Don’t you hate it when you get the hiccups and no matter what you try, they just won’t go away? Well, there are many ways to stop hiccups. In some cases, the methods are culturally passed on while others are tried and tested that people say work every time. In this article, we will discuss a few of these ways you can get rid of hiccups. But first, let’s explore what are hiccups and what are some of the causes.

What Are Hiccups?

Hiccups are medically known as synchronous diaphragmatic flutter or singultus (SDF). The muscles we use when we take in a breath are the intercostal muscles situated between the ribs, and the diaphragm — a sheet of muscle below the lungs. Hiccups occur when these diaphragm muscles contract suddenly and involuntarily. When this happens, it causes one to breathe air in very quickly. This sudden inhalation, however, triggers a sudden closure of the vocal cords, resulting in the characteristic “hic” sound.

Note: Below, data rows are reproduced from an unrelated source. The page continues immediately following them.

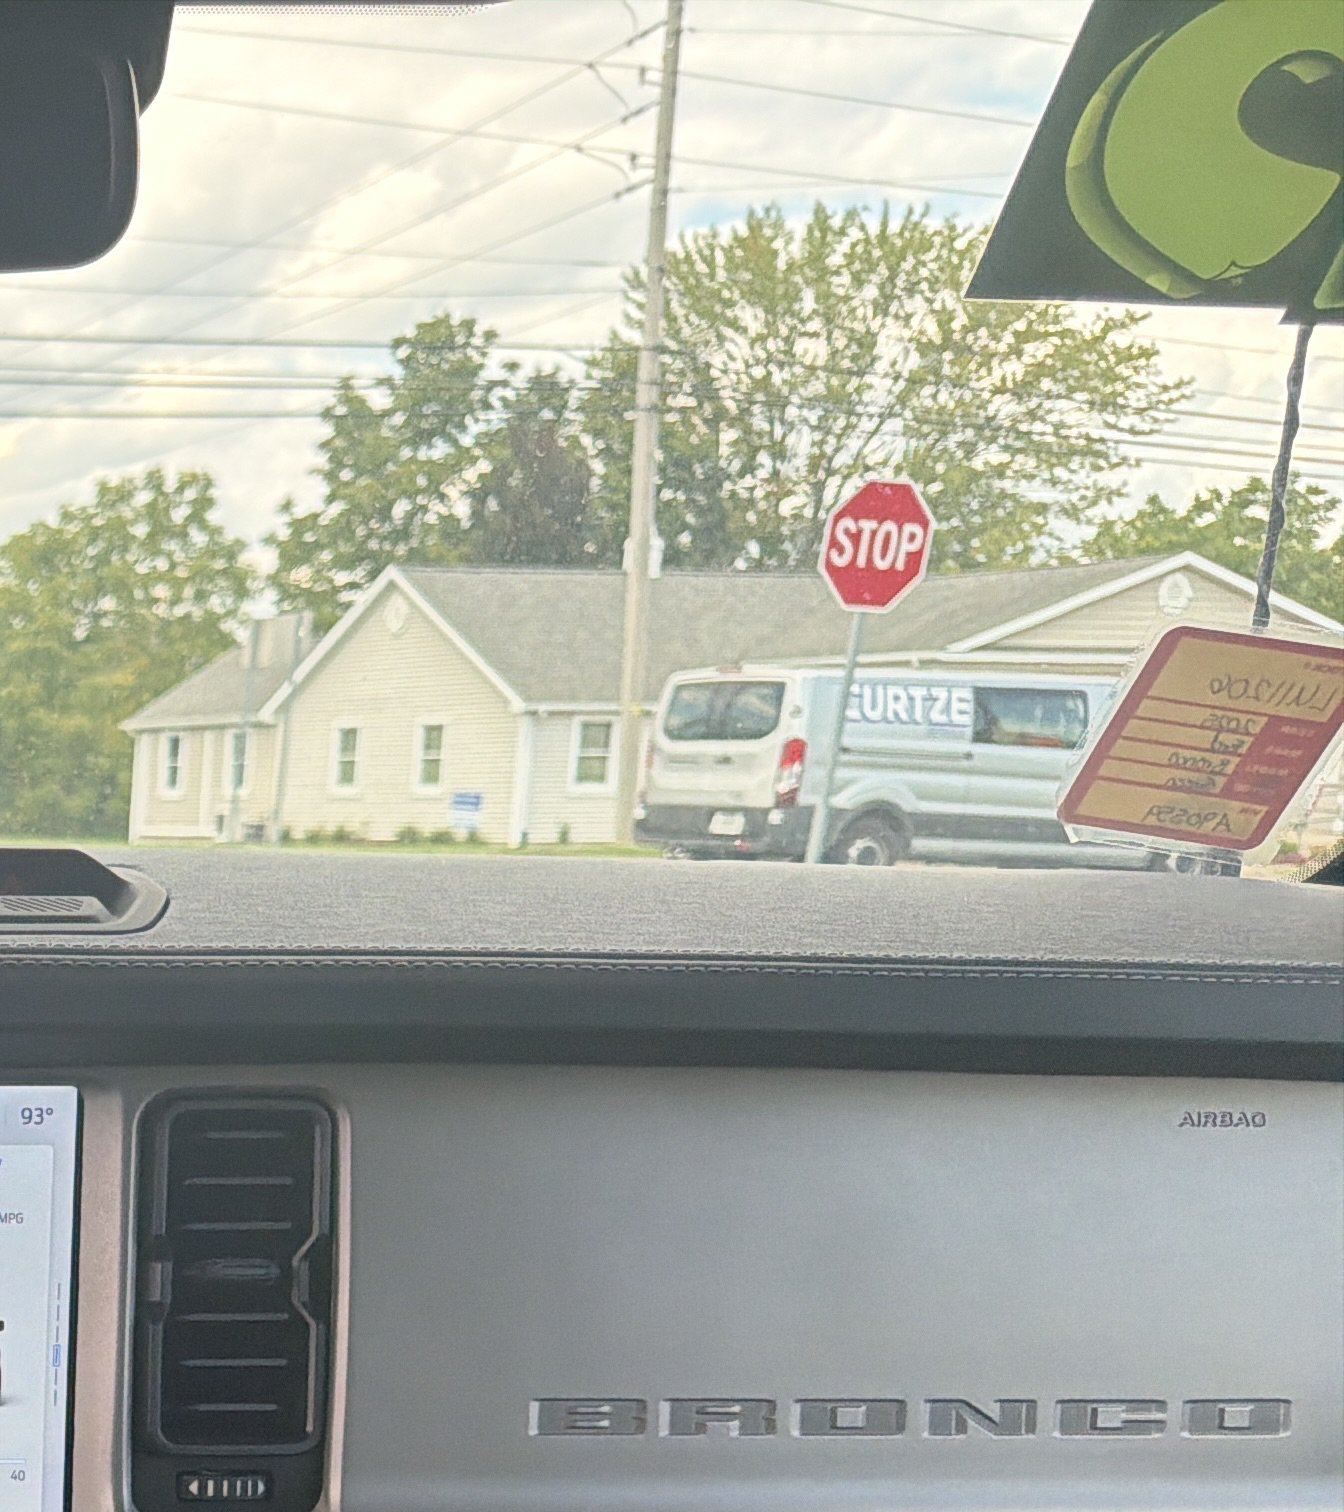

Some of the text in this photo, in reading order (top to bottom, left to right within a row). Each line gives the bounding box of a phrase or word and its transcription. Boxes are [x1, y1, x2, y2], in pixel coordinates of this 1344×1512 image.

[829, 516, 924, 571] STOP
[20, 1106, 54, 1126] 93°
[1178, 1110, 1267, 1129] AIRBAG
[528, 1397, 1293, 1439] BRONCO
[10, 1469, 26, 1482] 40
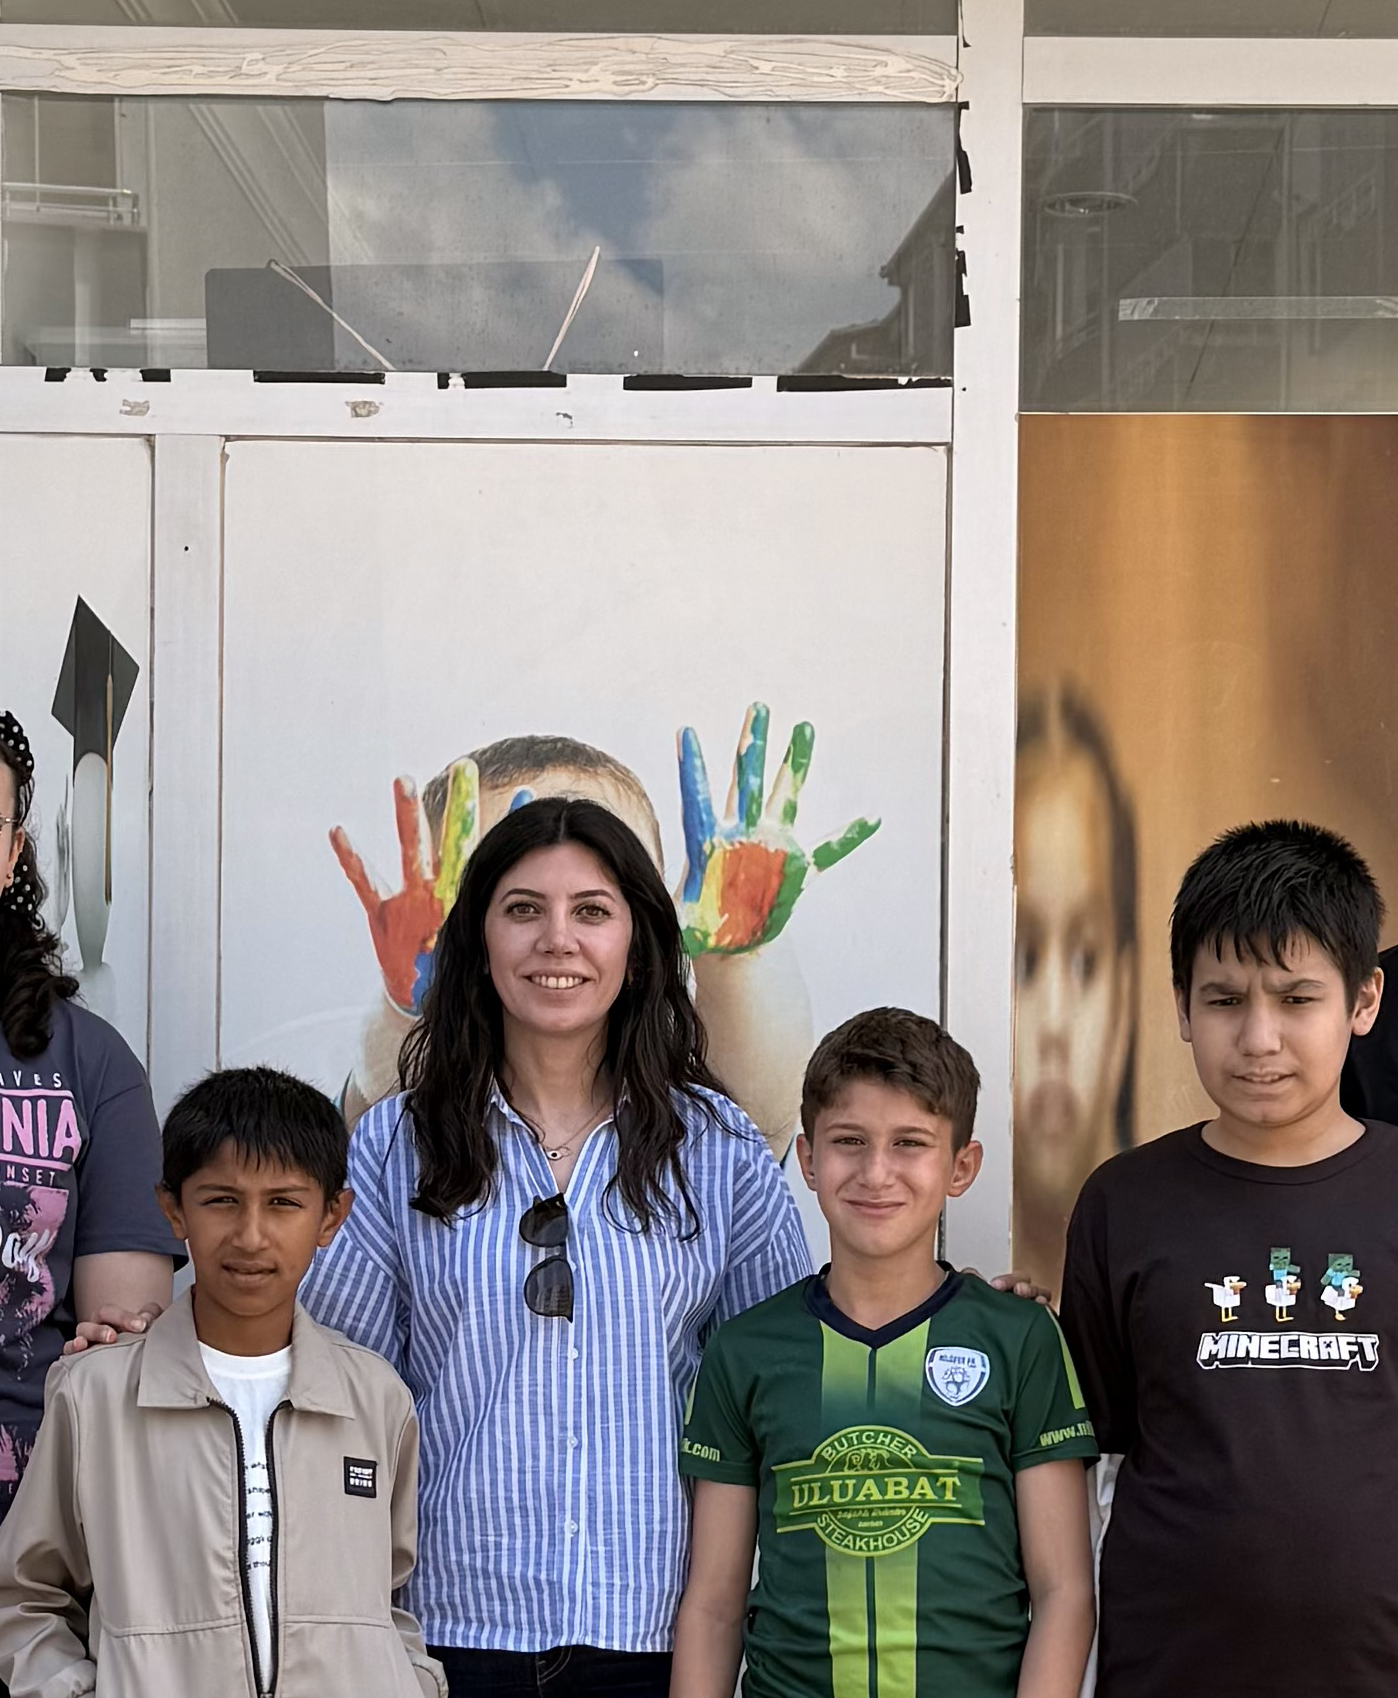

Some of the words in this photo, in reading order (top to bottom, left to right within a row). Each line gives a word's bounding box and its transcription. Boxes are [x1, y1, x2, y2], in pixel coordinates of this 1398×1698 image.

[1197, 1332, 1379, 1370] MINECRAFT
[821, 1431, 918, 1462] BUTCHER
[791, 1475, 960, 1509] ULUABAT
[817, 1507, 929, 1551] STEAKHOUSE
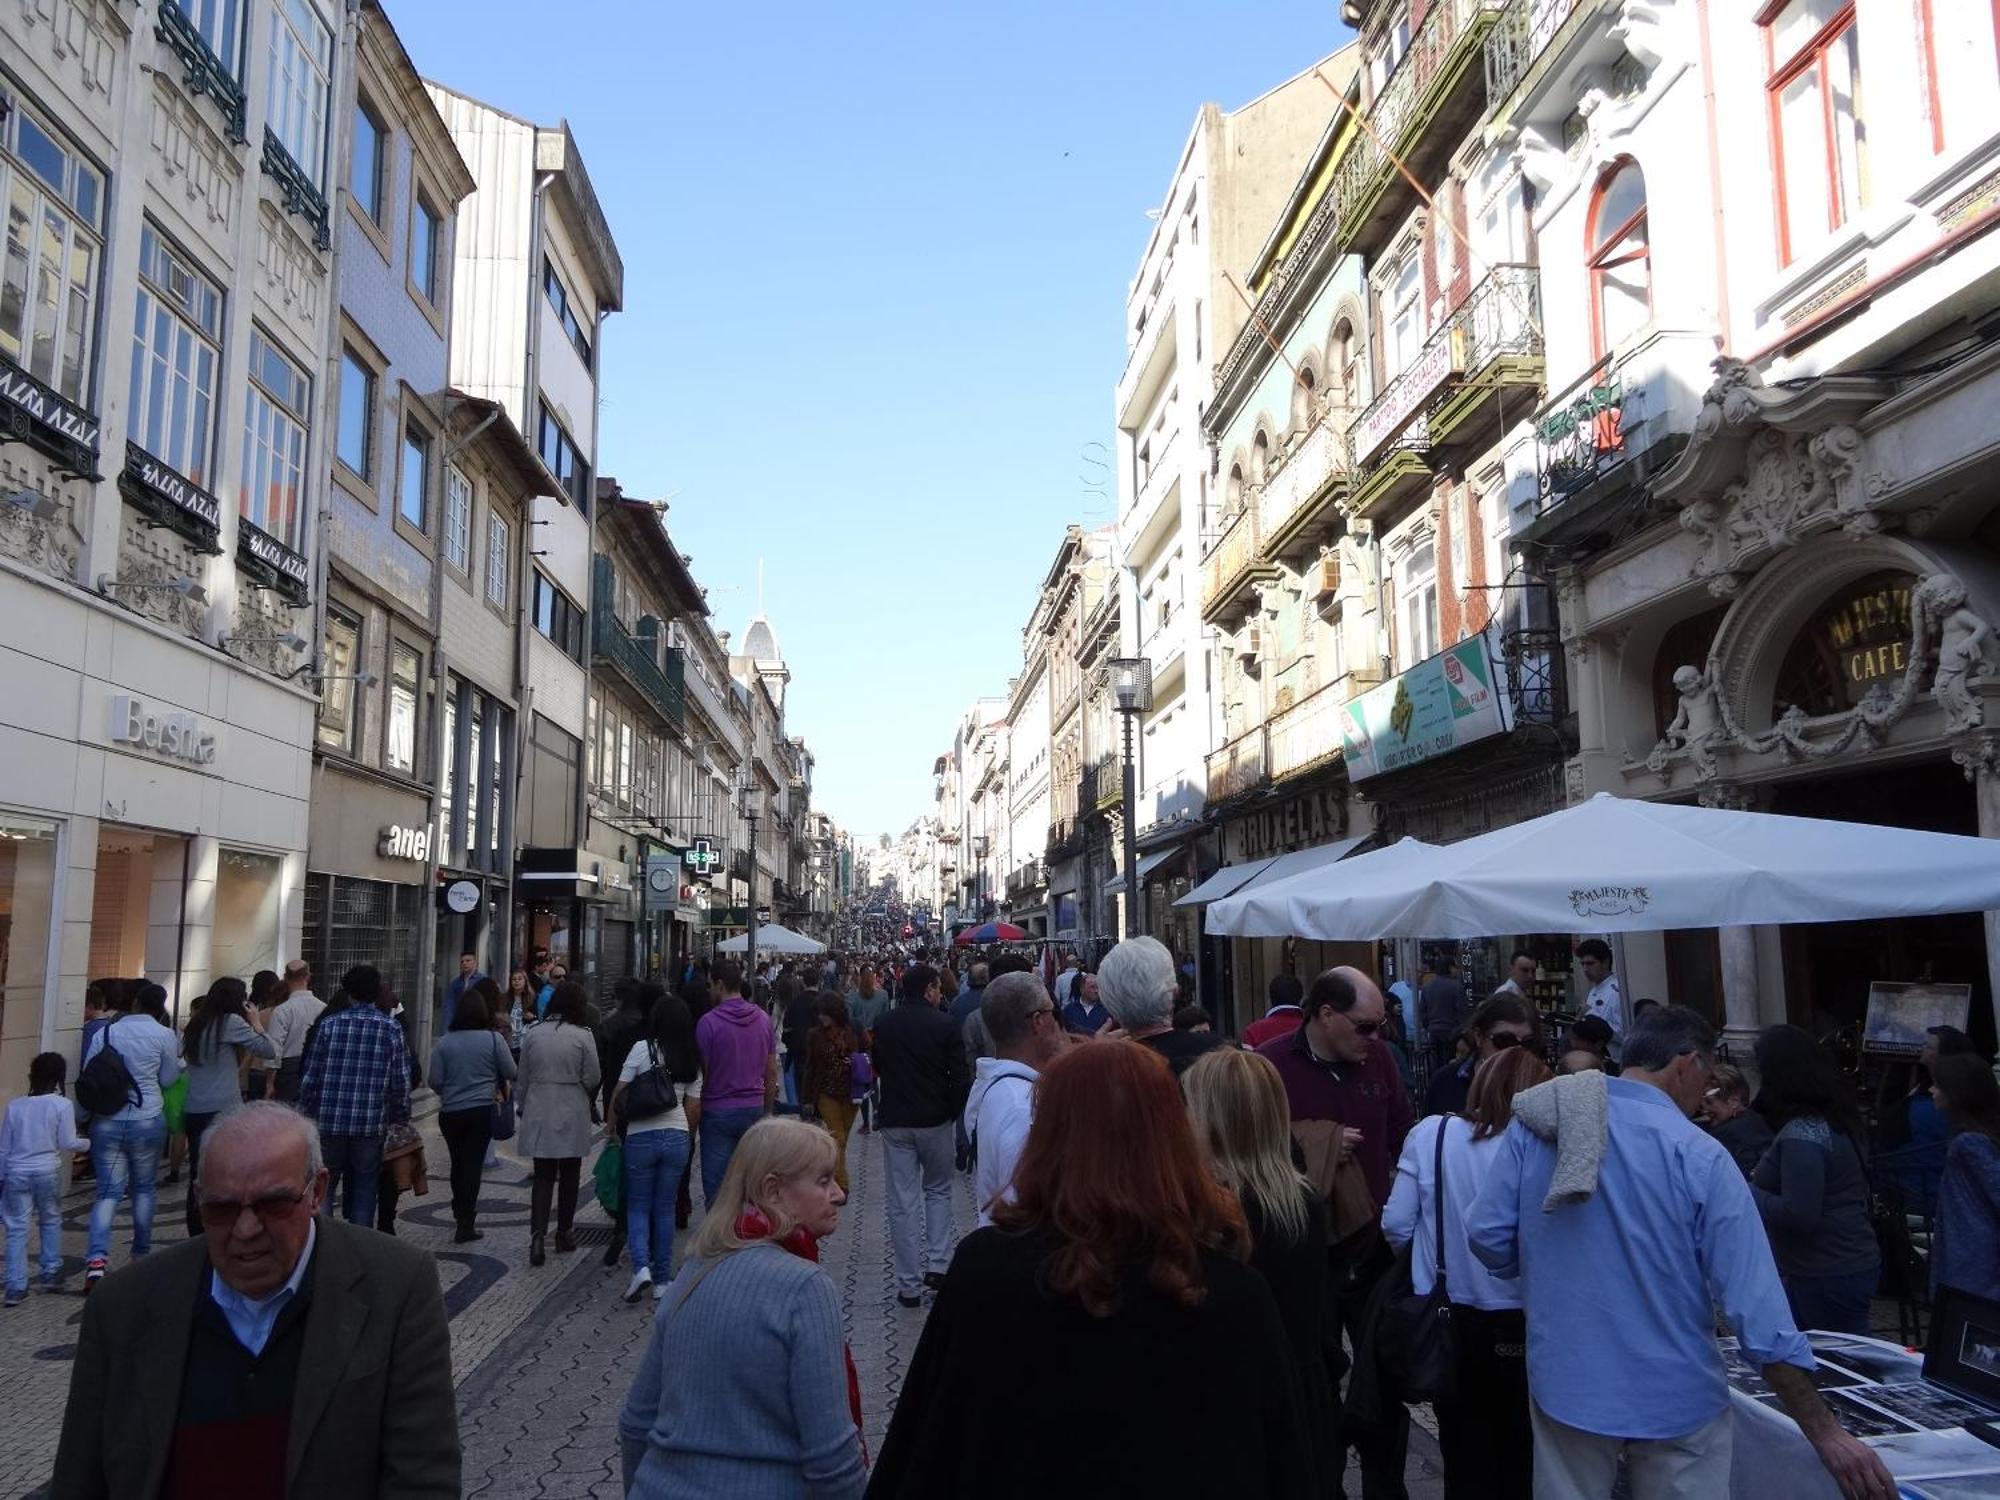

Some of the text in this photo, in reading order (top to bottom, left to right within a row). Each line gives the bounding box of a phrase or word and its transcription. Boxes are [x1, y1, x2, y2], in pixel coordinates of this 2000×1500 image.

Most people have bouts of hiccups from time to time. In most cases, they start for no apparent reason, last a short while and then stop. Sometimes they are due to:

  • Sudden excitement or emotional stress.
  • A temporary swollen stomach caused by overeating or eating too fast, drinking fizzy drinks, or swallowing air.
  • A sudden change in temperature (very hot or cold food or drinks, a cold shower, etc).
  • Eating spicy food
  • Alcohol.
  • Excess smoking.

Short bouts of hiccups usually pass without the need for any treatment. In rare cases, hiccups that last 48 hours or longer can be caused by an underlying condition like gastrointestinal problems, respiratory conditions, conditions affecting the central nervous system, an irritation of the vagus nerve which controls the diaphragm, a psychological reaction like fear or shock, or metabolic conditions.

Effective Ways To Stop Hiccups

Normally, the best thing to do when you have hiccups is to wait and let it pass. If it doesn’t, there are a number of things you can try out that may help to stop hiccups fast. However, while some people swear by the effectiveness of these methods, there is no scientific evidence to show how effective they are. Some of these methods include:

  • First, block off all airways by putting fingers in your ears and blocking your nostrils. Then, take a sip or two of water from a glass. It is possible to do this alone (looks a bit silly – but is possible) but you may find it easier with an assistant.
  • Sipping iced water.
  • sipping ice-cold water
  • Using a technique called the Valsalva manoeuvre. (The Valsalva manoeuvre means trying to push your breath out while you hold your throat and voice box closed.) The way to do this is to take a deep breath in, then keep the air inside you while pushing with your muscles as if to force the air out. This is like pushing in childbirth or straining on the toilet.
  • biting on a lemon
  • swallowing granulated sugar
  • tasting vinegar
  • breathing into a paper bag
  • Gasping after a sudden fright, or sneezing.
  • pulling your knees up to your chest
  • leaning forward to compress your chest

If your hiccups have lasted longer than 48 hours without stopping, you should schedule an appointment with your physician. This can be a sign of something more serious.

Random Fact

The longest hiccupping attack lasted 68 years.